— Task instructions —
In the entries that follow, find each line with the word "Socuéllamos" and copy it.

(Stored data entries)

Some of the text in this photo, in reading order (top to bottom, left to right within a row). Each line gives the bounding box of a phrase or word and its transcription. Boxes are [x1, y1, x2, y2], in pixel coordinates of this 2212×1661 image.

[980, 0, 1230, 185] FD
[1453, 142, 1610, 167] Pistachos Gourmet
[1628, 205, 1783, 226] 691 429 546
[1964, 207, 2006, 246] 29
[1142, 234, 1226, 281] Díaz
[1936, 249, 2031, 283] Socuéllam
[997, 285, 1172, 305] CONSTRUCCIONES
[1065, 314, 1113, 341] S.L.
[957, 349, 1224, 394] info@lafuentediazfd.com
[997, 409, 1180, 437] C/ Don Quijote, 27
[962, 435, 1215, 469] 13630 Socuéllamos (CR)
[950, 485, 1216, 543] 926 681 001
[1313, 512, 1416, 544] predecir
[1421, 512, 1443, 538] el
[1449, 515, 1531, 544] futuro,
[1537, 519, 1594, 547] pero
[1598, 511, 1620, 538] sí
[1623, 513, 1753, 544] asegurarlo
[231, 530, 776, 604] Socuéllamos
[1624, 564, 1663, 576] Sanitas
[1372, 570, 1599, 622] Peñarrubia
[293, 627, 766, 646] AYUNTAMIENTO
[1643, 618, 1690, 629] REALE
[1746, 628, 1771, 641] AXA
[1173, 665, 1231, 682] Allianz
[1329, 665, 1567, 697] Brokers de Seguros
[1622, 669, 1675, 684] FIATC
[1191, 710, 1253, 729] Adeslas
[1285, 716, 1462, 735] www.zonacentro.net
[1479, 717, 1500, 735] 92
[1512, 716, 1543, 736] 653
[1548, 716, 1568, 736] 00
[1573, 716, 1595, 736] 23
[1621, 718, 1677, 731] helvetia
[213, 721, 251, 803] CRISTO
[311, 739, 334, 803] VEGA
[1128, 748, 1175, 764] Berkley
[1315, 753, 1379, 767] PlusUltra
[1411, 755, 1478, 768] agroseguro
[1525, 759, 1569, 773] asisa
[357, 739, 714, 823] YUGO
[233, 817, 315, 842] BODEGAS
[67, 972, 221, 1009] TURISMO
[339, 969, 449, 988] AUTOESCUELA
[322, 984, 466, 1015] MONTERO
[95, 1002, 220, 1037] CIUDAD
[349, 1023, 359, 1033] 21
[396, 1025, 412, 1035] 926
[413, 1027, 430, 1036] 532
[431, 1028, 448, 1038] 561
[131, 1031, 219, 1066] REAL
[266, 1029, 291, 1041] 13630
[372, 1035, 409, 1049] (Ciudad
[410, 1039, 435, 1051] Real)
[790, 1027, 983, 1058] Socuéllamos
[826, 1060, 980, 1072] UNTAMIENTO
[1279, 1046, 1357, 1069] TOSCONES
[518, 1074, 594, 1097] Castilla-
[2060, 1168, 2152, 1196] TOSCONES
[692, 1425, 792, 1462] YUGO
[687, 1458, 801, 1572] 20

— Written response —
[962, 435, 1215, 469] 13630 Socuéllamos (CR)
[231, 530, 776, 604] Socuéllamos
[790, 1027, 983, 1058] Socuéllamos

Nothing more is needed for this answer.